Marlow se souvient alors d’un voyage que lui-même fit en Afrique Noire, le long d’un fleuve (peut-être le Congo), dans une région qui était une terra incognita de son enfance, grâce à l’influence d’une tantine (les jeunes hommes ne se méfient jamais assez de leurs tantes ; pour plus d’explication sur cette philosophie de la vie, demandez à Bertie Wooster).

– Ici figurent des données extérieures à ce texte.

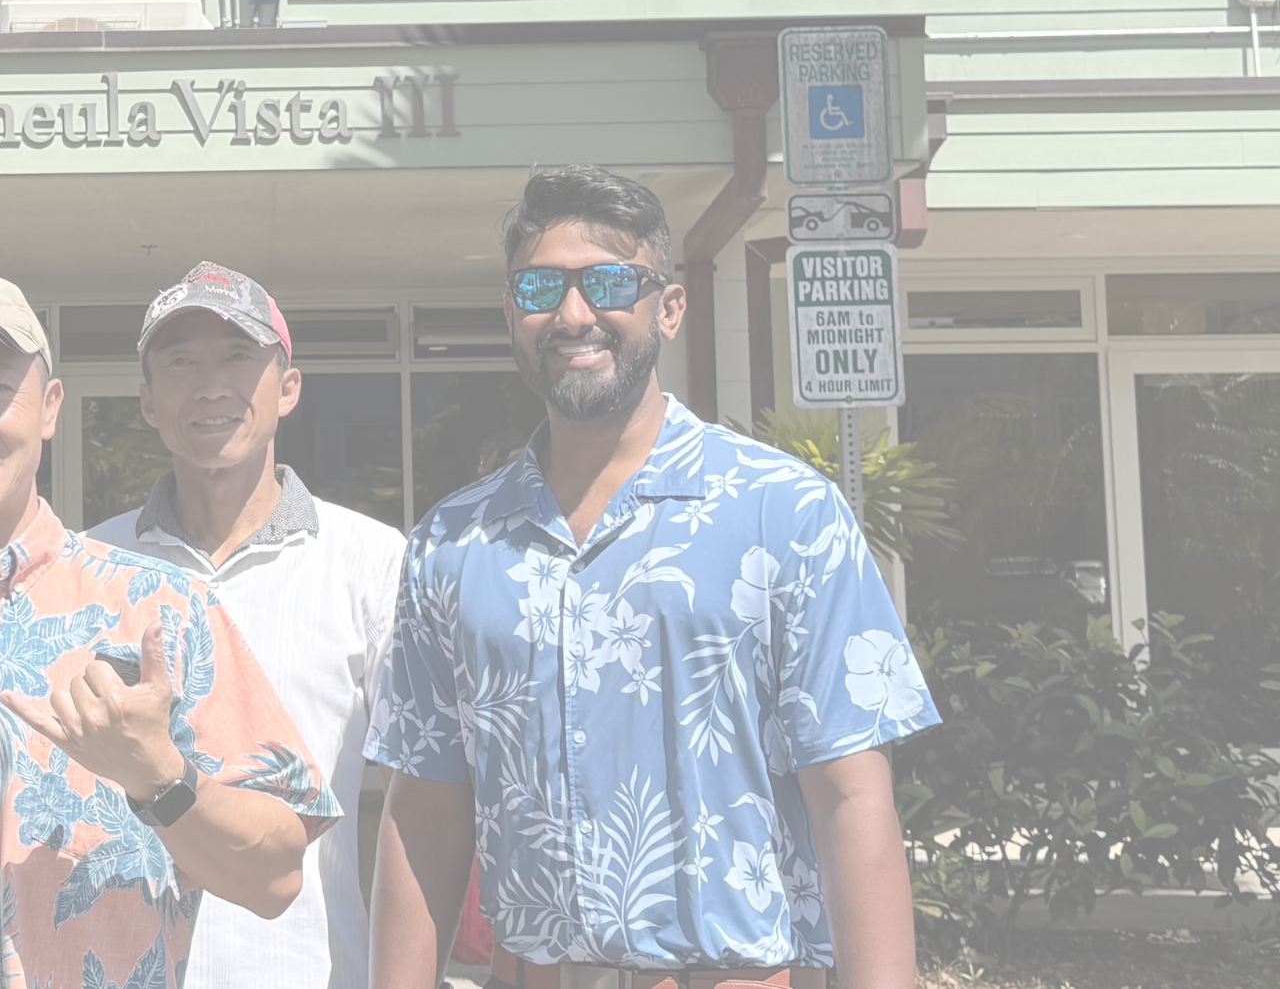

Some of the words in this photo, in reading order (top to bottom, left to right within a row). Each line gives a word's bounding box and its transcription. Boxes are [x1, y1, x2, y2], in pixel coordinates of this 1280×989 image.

[789, 42, 879, 62] RESERVED
[799, 63, 870, 84] PARKING
[170, 77, 353, 148] Vista
[372, 73, 461, 139] III
[801, 256, 883, 278] VISITOR
[798, 279, 889, 302] PARKING
[816, 310, 850, 327] 6AM
[858, 310, 874, 326] to
[807, 327, 884, 345] MIDNIGHT
[815, 348, 878, 375] ONLY
[805, 380, 813, 393] 4
[819, 379, 852, 393] HOUR
[858, 378, 892, 392] LIMIT
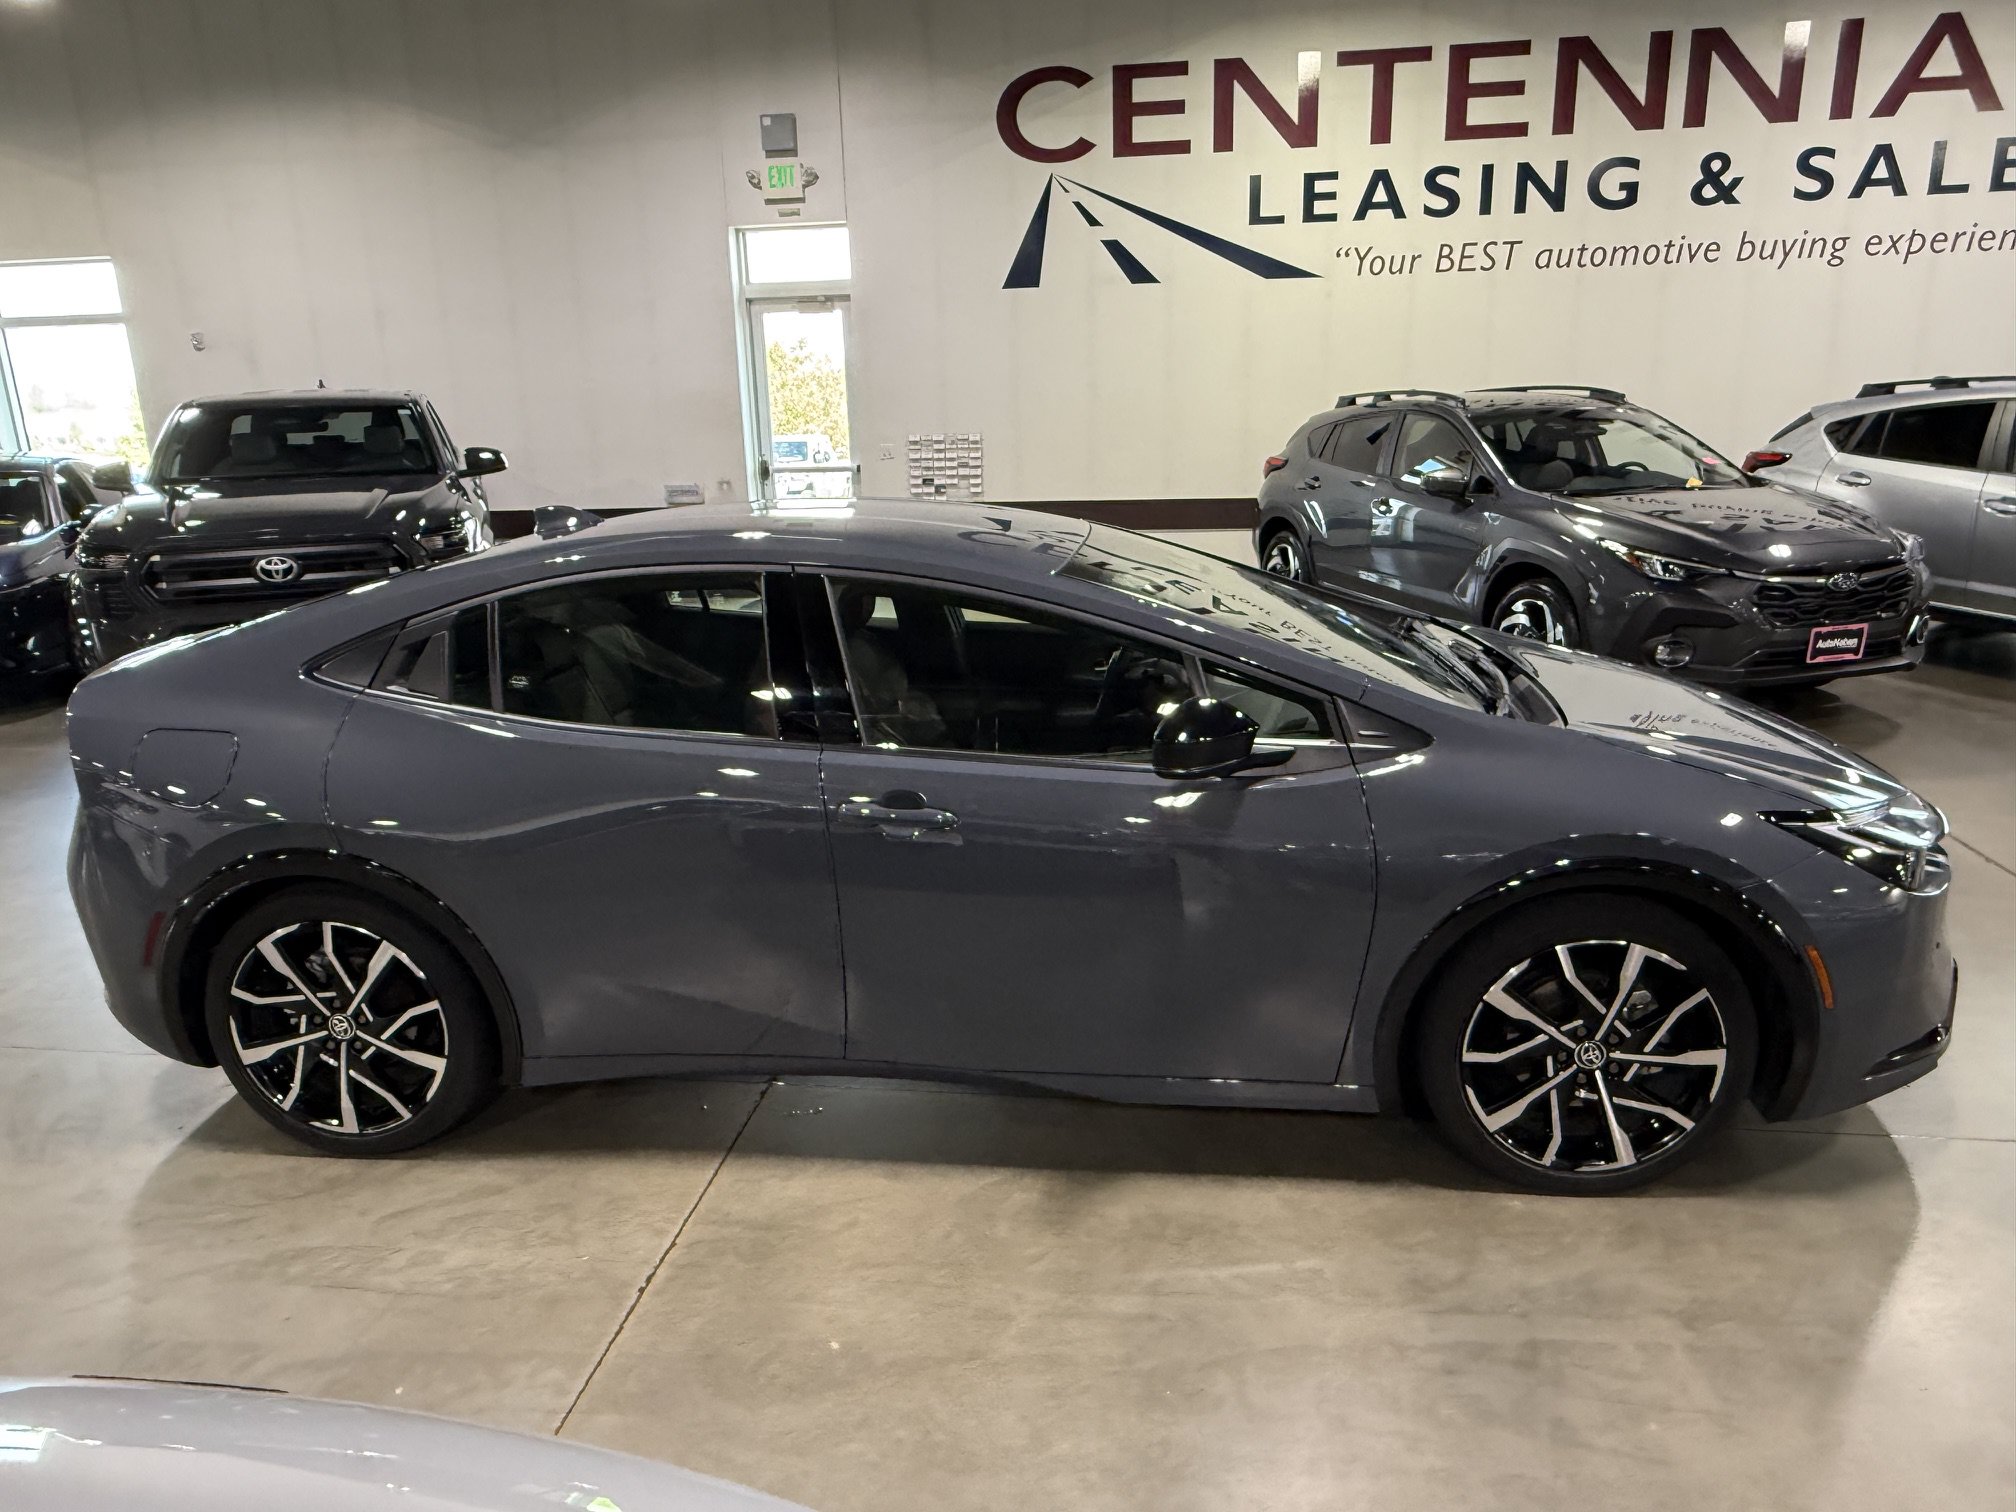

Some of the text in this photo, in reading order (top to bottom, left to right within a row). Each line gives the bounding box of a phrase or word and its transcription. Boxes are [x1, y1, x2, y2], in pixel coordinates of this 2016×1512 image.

[996, 11, 2005, 163] CENTENNIA
[768, 165, 795, 188] EXIT
[1249, 157, 1641, 226] LEASING
[1690, 152, 1744, 206] &
[1335, 246, 1422, 276] “Your
[1435, 241, 1523, 273] BEST
[1534, 235, 1720, 270] automotive
[1736, 230, 1850, 270] buying

A mesure que son bateau remonte le cours du fleuve, au sein d’une jungle hostile, Marlow s’enfonce peu à peu vers une région où, non seulement la nature, mais plus encore les hommes sont corrompus par la solitude, le pouvoir et la peur. Souvent, on lui parle de son but, la station de Kurtz, le plus grand pourvoyeur d’ivoire de toute la compagnie, qui inspire une envie mêlée de crainte aux autres occidentaux.
La rencontre n’interviendra que tardivement dans le récit, mais, tout au long du texte, Marlow s’est senti proche de Kurtz, qu’il défend sans même l’avoir vu, simplement parce que l’antipathie qu’il inspire aux hommes des stations répond à l’antipathie que ces derniers inspirent à Marlow.

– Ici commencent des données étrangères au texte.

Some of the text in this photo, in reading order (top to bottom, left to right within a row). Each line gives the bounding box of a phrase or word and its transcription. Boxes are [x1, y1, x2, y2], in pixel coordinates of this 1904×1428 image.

Un roman dense, donc, puissant, qui n’est pas sans faire écho à la folie de l’Homme qui voulu être roi, de Kipling (j’aime bien Kipling aussi, d’une manière générale).

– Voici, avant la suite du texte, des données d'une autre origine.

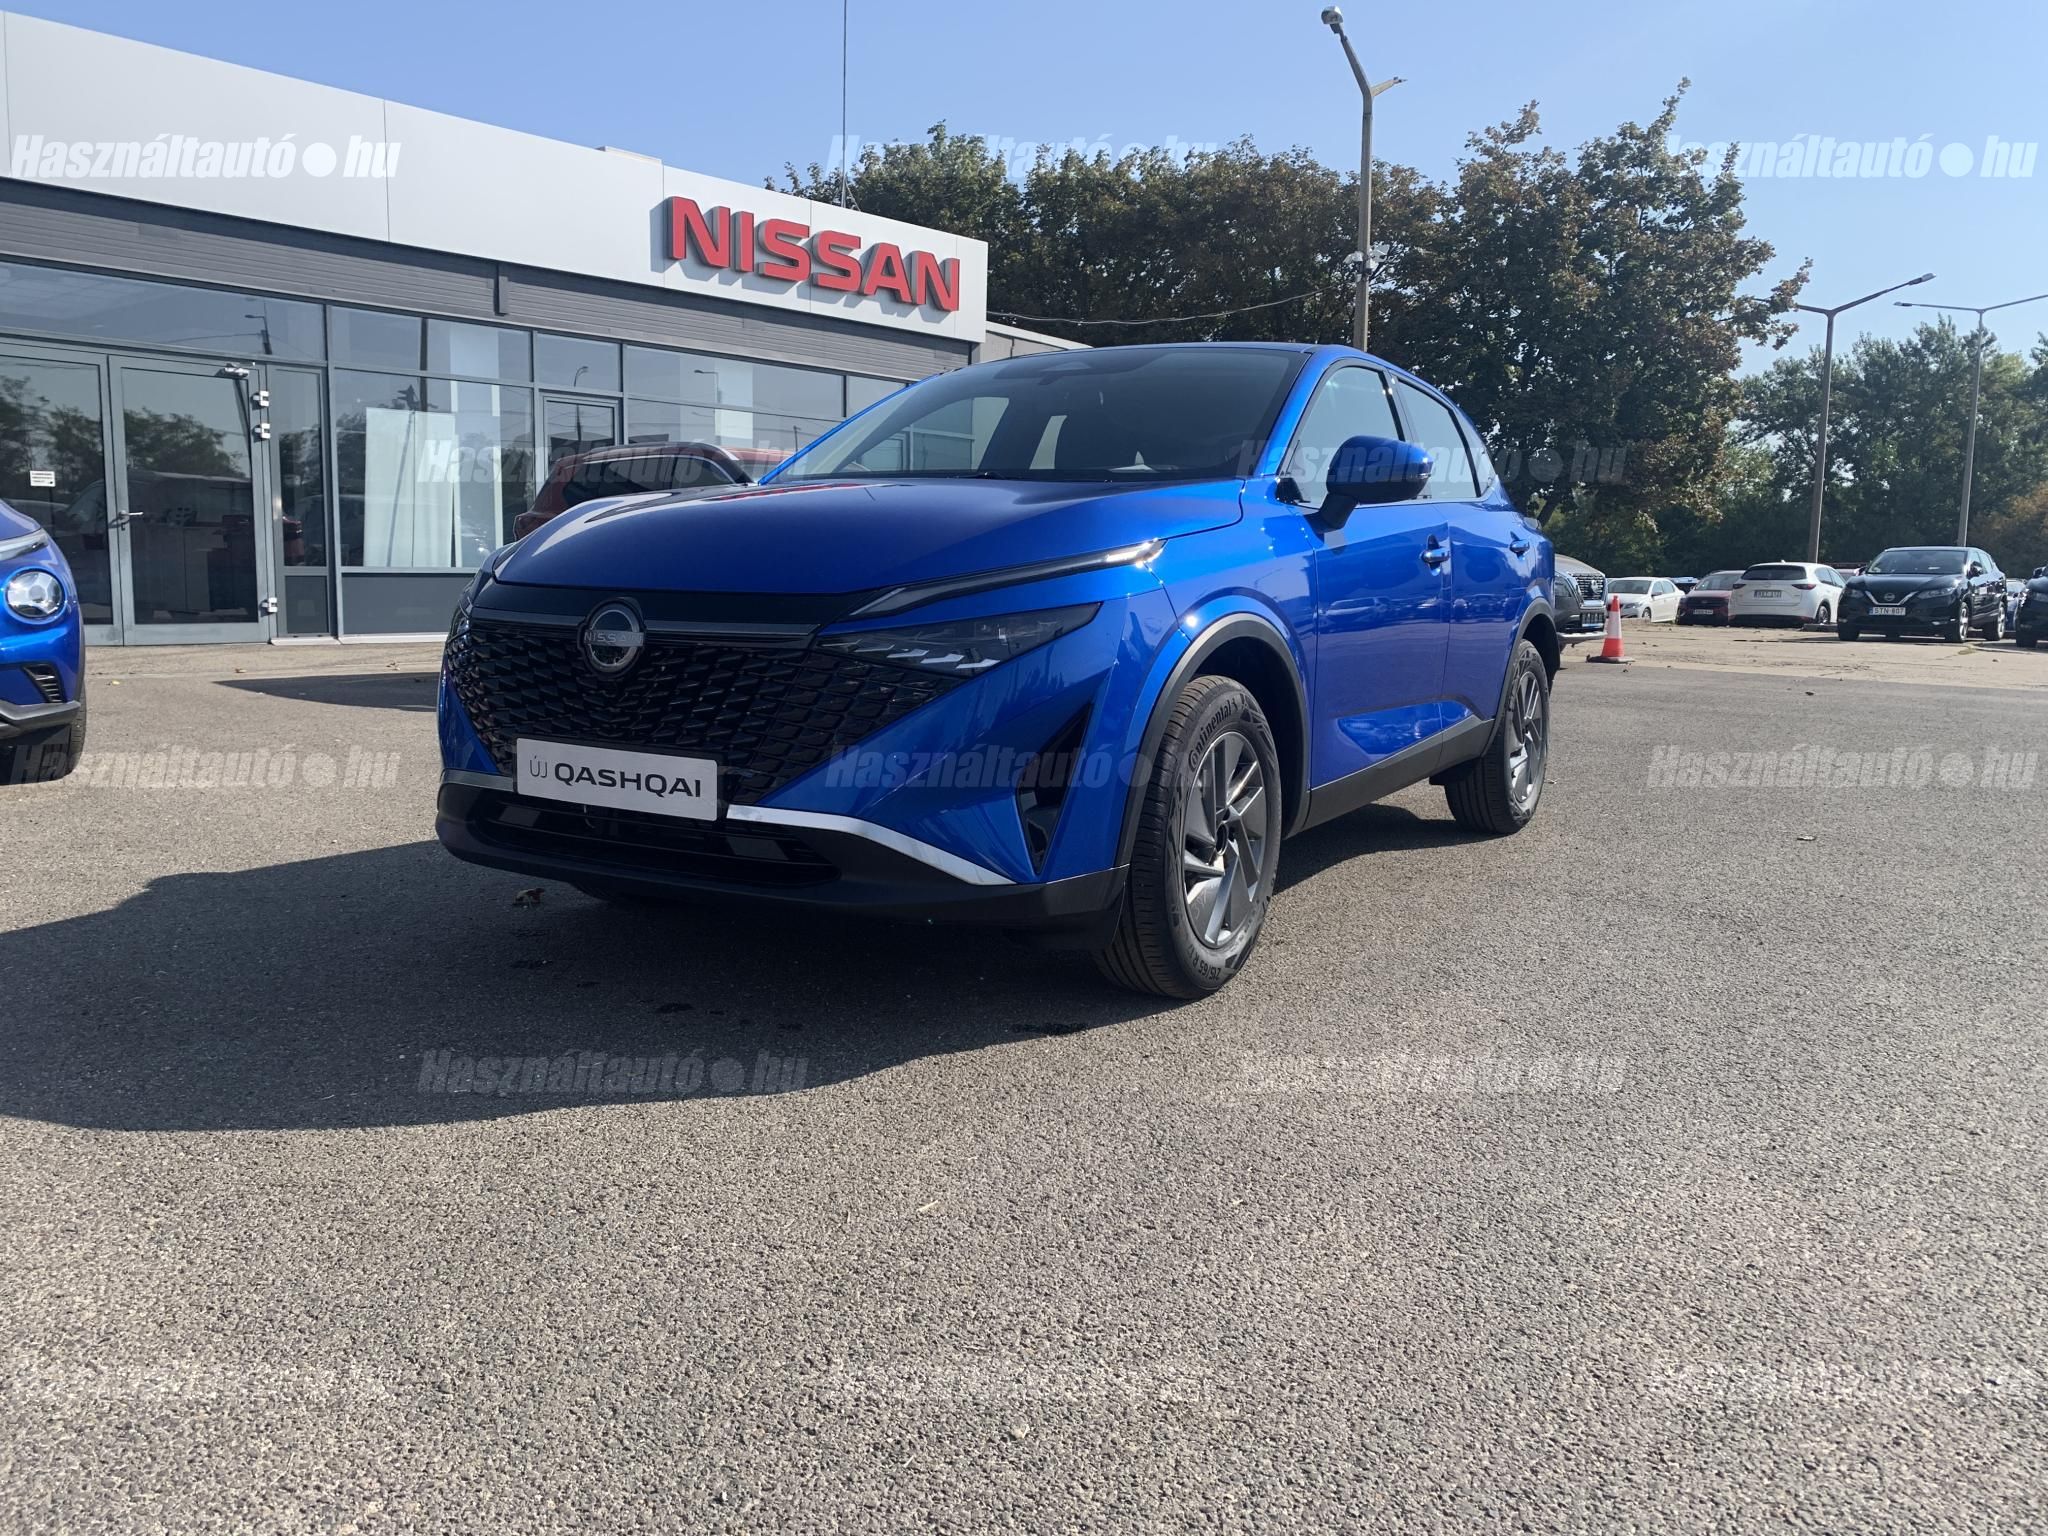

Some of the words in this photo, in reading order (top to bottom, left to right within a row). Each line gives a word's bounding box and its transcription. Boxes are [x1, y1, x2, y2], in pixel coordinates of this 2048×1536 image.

[667, 195, 961, 312] NISSAN
[1188, 699, 1232, 773] Continental
[529, 755, 548, 778] ÚJ
[554, 762, 701, 798] QASHQAI

Certains critiques lui ont reproché son racisme. Il est vrai que les Noirs entourant Marlow sont des caricatures (cannibales, vêtus d’oripeaux qui n’ont qu’aucune valeur culturelle pour Marlow, battus et gémissants sur leurs blessures). Une vision un chouia colonialiste, donc. Néanmoins, lorsque son « matelot » indigène est tué lors de l’attaque de son bateau, Marlow éprouve une tristesse qu’il n’aurait pas forcément éprouvé pour un Blanc.
En réalité, de mon point de vue, si Marlow est sans doute raciste (l’époque n’était pas non plus très favorable à l’amour fraternel entre les peuples), je crois surtout qu’il souffre davantage d’une misanthropie générale, qu’au cœur des ténèbres, Marlow se sent si seul qu’il est coupé du reste de l’humanité (des occidentaux par les points de vue intellectuels, et des indigènes par le racisme si l’on veut). En réalité, dans cette équipée désespérée, Marlow n’aime personne. Même son sentiment vis-à-vis de Kurtz est ambivalent.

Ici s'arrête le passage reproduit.